La peur est une émotion primaire, parfois irrationnelle, qui peut modeler les comportements sociaux, notamment lorsqu’elle se nourrit de l’inconnu. En ce 25 janvier 2025, une centaine de manifestants se sont rassemblés devant la préfecture à Saint-Denis, pour « alerter sur la montée de la délinquance à La Réunion ». Ce mouvement, né sur les réseaux sociaux, traduit une peur partagée par une grande partie de la population de l’île : la peur d’une violence qu’ils associent à l’arrivée d’individus venus de Mayotte, qu’ils qualifient de « délinquants rapatriés ». Un phénomène qui, sous prétexte de dénoncer la criminalité, soulève des questions sur la nature même de cette peur. Car au-delà des chiffres, des actes de violence et des perceptions, cette peur semble avant tout nourrie par l’incompréhension et l’anxiété face à l’inconnu.
L’argument de la violence “transférée” à La Réunion est au cœur du discours des manifestants. Des termes virulents, à peine voilés d’insultes, sont proférés à l’encontre des Mahorais, accusés de déstabiliser le tissu social réunionnais. Un raccourci facile, certes, mais qui occulte les raisons plus complexes qui sous-tendent ce phénomène. Pour Eve Mallet, l’une des organisatrices du rassemblement, « le citoyen n’est pas respecté ». La violence, qui semble augmenter selon les témoignages de certains, serait due à l’arrivée de nouvelles populations, notamment des enfants « livrés à eux-mêmes », qui, selon elle, seraient issus de familles mahoraises et pourraient être responsables des agissements violents.
Cette situation fait partie d’un ensemble plus vaste de problèmes socio-économiques, dont la pauvreté, le chômage et l’isolement des jeunes, qui affectent aussi bien les Réunionnais que les Mahorais. Mais cette violence est-elle vraiment “rapatriée” ou n’est-elle pas plutôt un miroir de la société réunionnaise, où se mêlent des tensions sociales, économiques et historiques ?
Cette peur de l’inconnu, que certains stigmatisent comme une « peur des Mahorais », résonne étrangement avec la réalité historique de l’île. La Réunion, comme l’archipel des Comores, a une histoire marquée par les migrations et les métissages. En effet, les Réunionnais d’aujourd’hui ont, pour nombre d’entre eux, des ancêtres venus des Comores. Les habitants venus de l’archipel des Comores voient leur population augmenter à La Réunion. Jusqu’à présent, ces populations ont été intégrées au fil du temps, avec des liens culturels et familiaux qui les unissent à cet archipel.
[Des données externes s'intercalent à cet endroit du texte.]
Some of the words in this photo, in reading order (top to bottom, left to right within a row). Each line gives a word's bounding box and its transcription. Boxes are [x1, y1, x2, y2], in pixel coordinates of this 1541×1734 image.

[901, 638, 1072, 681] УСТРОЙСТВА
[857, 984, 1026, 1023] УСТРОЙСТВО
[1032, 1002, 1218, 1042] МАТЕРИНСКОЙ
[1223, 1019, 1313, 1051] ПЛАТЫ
La peur de l’autre, qui semble surgir aujourd’hui, n’est-elle pas simplement une répétition d’une peur ancienne, un écho de l’histoire, alors même que les Réunionnais partagent un héritage commun avec les Mahorais ?
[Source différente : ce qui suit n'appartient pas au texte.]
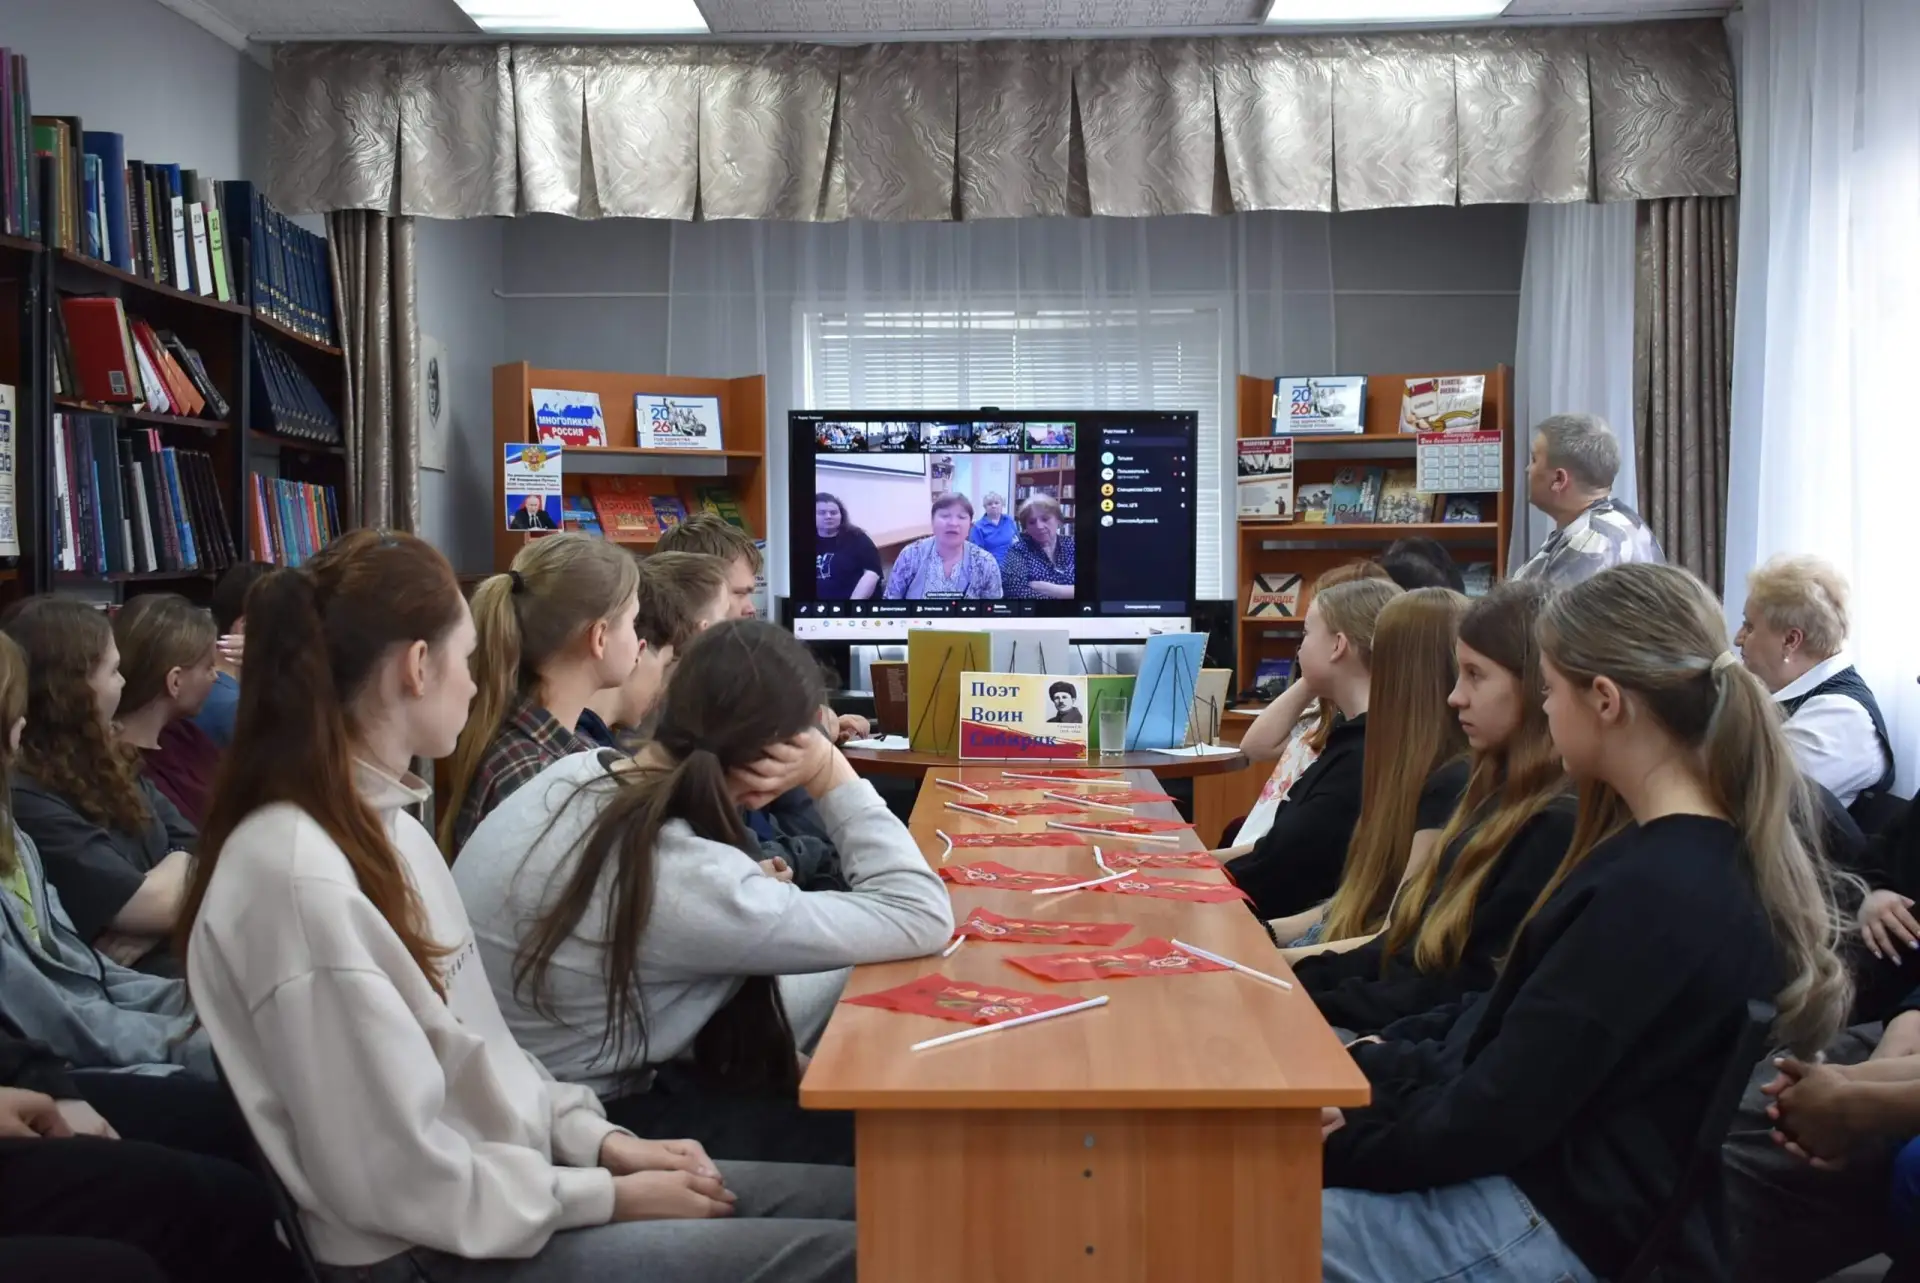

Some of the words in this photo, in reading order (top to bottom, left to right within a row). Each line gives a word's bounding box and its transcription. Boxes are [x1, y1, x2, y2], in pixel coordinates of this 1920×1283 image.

[1292, 389, 1311, 402] 20
[650, 407, 669, 420] 20
[1291, 402, 1309, 415] 26
[539, 415, 593, 427] МНОГОЛИКАЯ
[652, 420, 671, 433] 26
[552, 427, 584, 437] РОССИЯ
[1332, 503, 1364, 517] 1941
[1253, 594, 1295, 605] БЛОКАДЕ
[971, 681, 1020, 697] Поэт
[971, 706, 1023, 722] Воин
[970, 730, 1057, 749] Сибиряк
Pourtant, plutôt que de considérer les Mahorais comme « l’autre », « l’étranger », il est nécessaire de transcender cette peur en reconnaissant les racines communes qui unissent ces peuples. La peur de l’inconnu, une émotion humaine par excellence, doit être dépassée pour laisser place à une solidarité plus large.
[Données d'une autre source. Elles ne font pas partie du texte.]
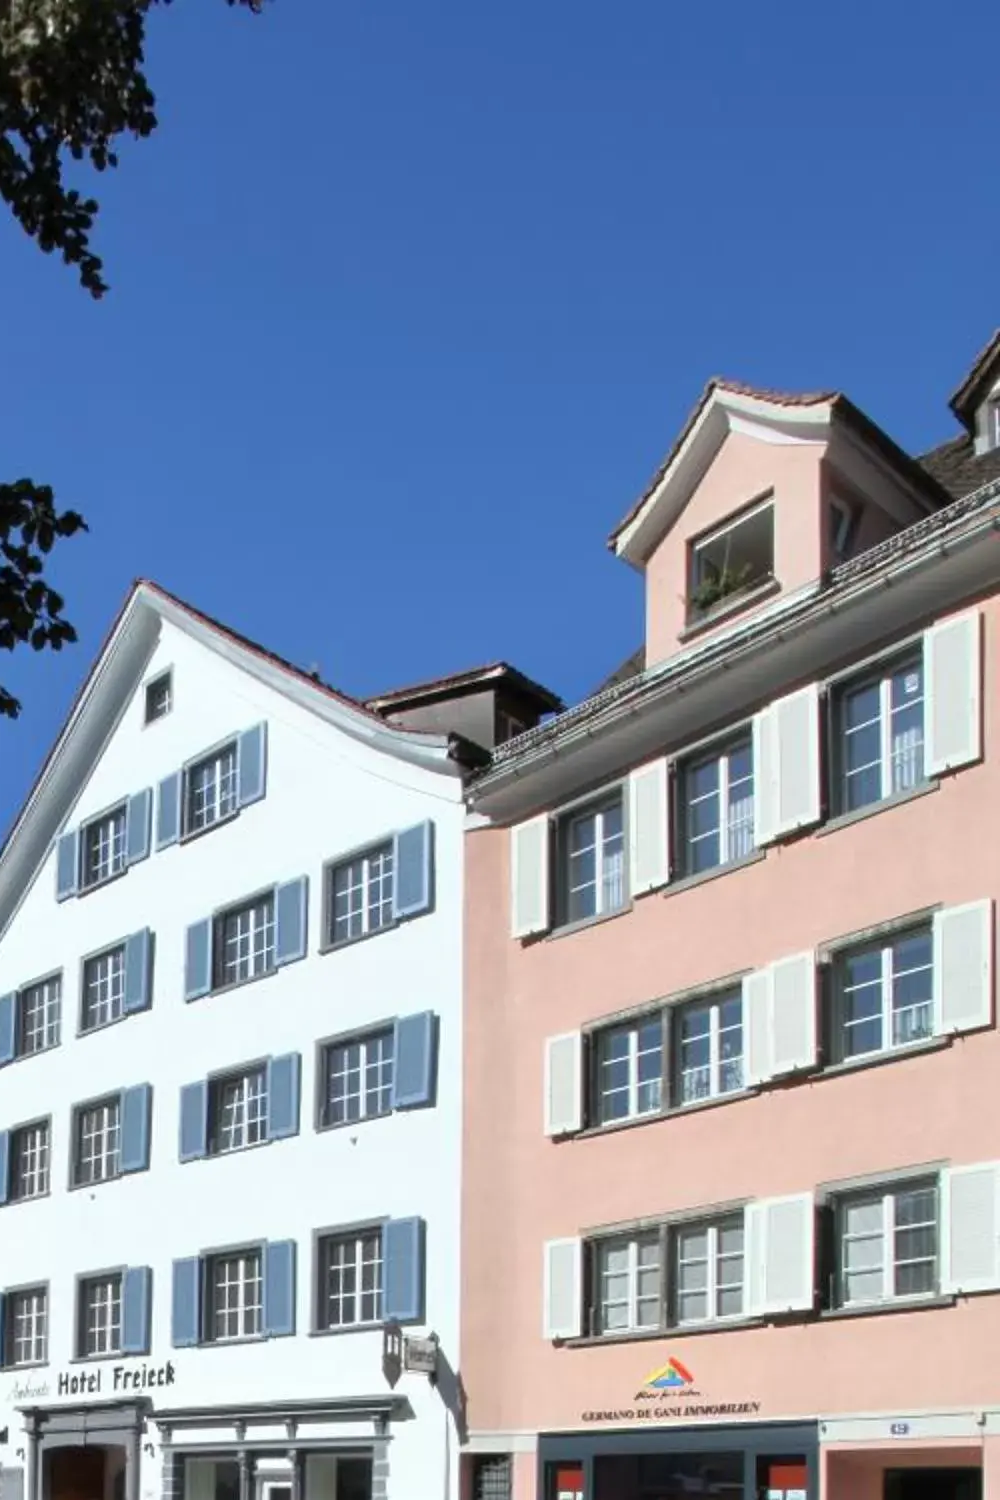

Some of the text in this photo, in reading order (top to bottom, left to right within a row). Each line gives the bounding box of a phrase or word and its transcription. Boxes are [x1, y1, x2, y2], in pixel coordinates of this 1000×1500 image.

[58, 1369, 101, 1396] Hotel
[582, 1409, 634, 1422] GERMANO
[637, 1408, 651, 1419] DE
[684, 1401, 761, 1417] IMMOBILIEN
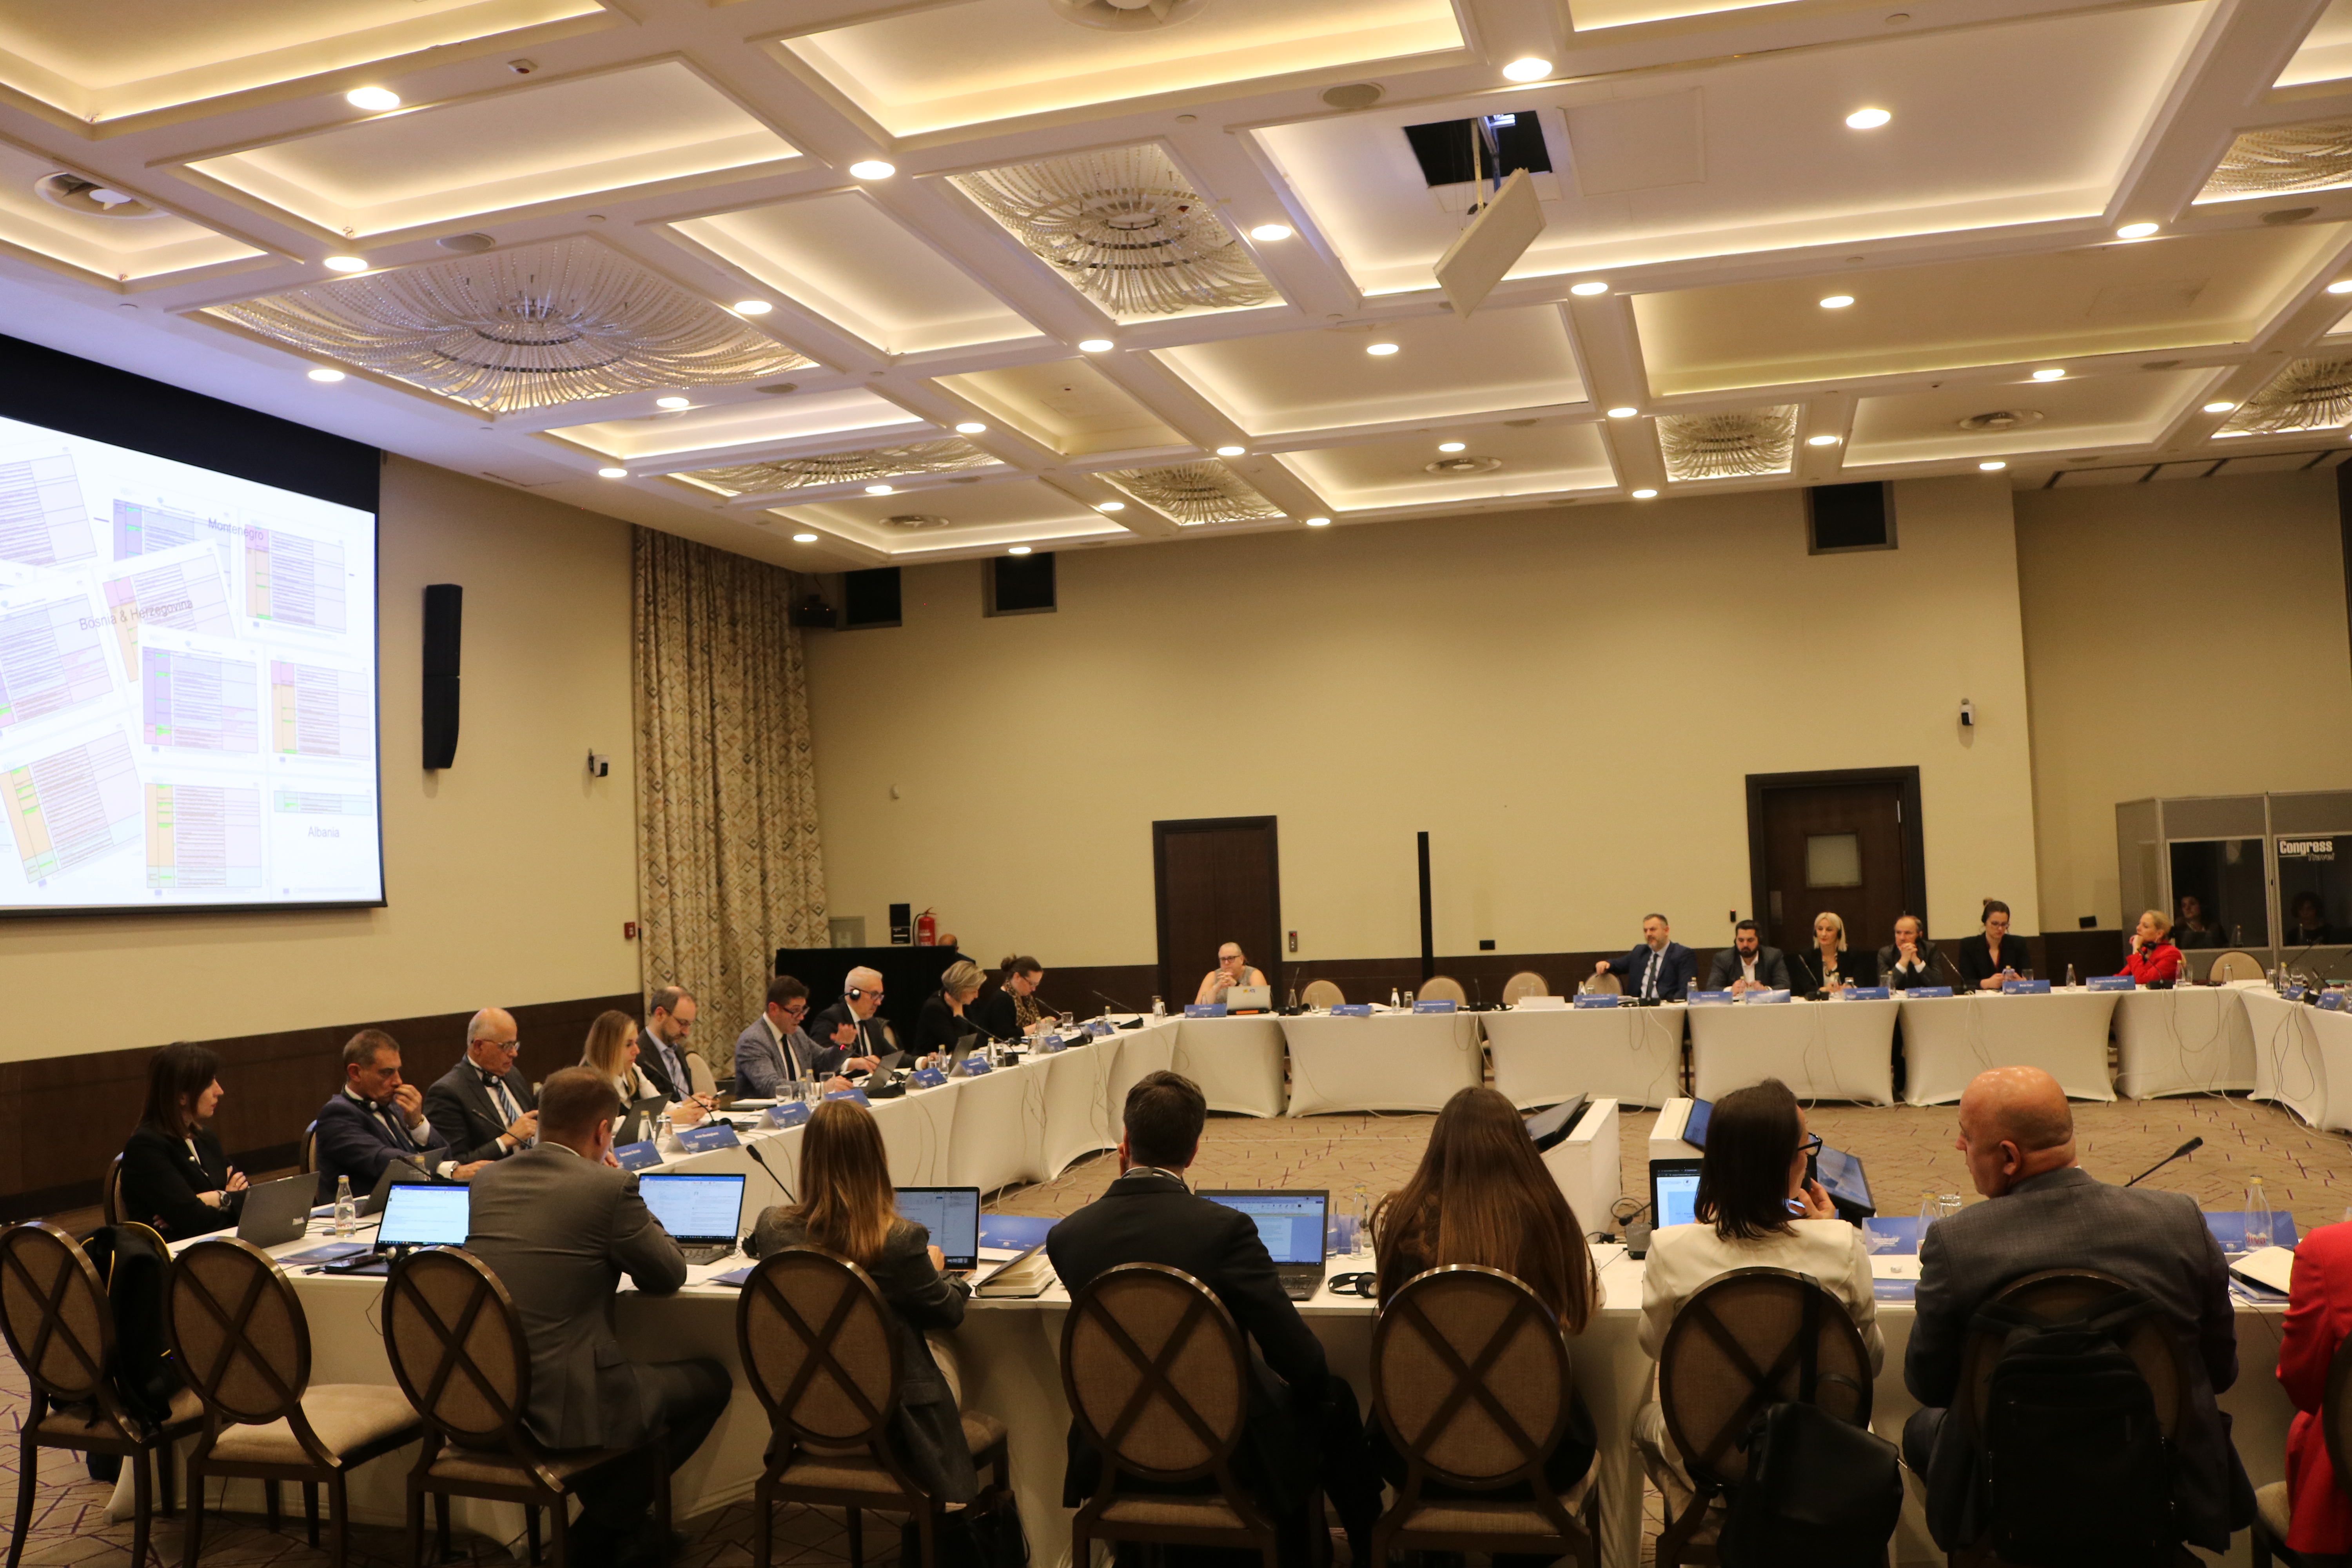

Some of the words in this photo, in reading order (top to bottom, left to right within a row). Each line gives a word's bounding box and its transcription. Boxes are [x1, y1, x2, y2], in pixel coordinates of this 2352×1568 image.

[208, 517, 263, 541] Montenegro
[79, 613, 116, 630] Bosnia
[120, 610, 128, 622] &
[130, 600, 193, 620] Herzegovina
[308, 826, 339, 837] Albania
[2279, 840, 2333, 857] Congress
Cette histoire commune devrait en effet les encourager à construire un avenir partagé, à accueillir les nouveaux arrivants non pas comme des étrangers, mais comme des frères et sœurs d’un même archipel, unis par une histoire de migration et d’échanges.
L’argumentation de certains manifestants, qui réclament une plus grande sévérité envers les auteurs de violences et une application stricte de la loi, repose sur l’idée que « le citoyen n’est pas entendu ». Cependant, cette demande soulève une question plus large : la réponse à la violence est-elle uniquement répressive ? La violence est le produit d’une multitude de facteurs sociaux et économiques qui ne peuvent être résolus par une simple mesure répressive.
Il est important de comprendre que la violence, bien qu’individuelle dans son expression, est souvent le résultat d’un environnement propice à son développement. La Réunion, comme bien d’autres régions du monde, fait face à des inégalités profondes, notamment dans les quartiers populaires où la précarité règne et où l’avenir des jeunes semble souvent bouché. Ces jeunes, qu’ils soient Mahorais ou Réunionnais, grandissent dans un contexte où l’accès à l’éducation, à l’emploi et à une vie digne est restreint. La violence qu’ils manifestent est souvent un cri désespéré face à un avenir incertain.
La peur de l’inconnu ne doit pas nourrir les préjugés, ni la violence symbolique ou réelle à l’égard de ceux qui sont perçus comme différents. Les Réunionnais, porteurs d’une histoire marquée par les migrations et le métissage, sont appelés à dépasser cette peur pour construire une société plus solidaire et plus juste. La Réunion ne doit pas être une « île à peur », mais une île de fraternité et de solidarité.
M.M.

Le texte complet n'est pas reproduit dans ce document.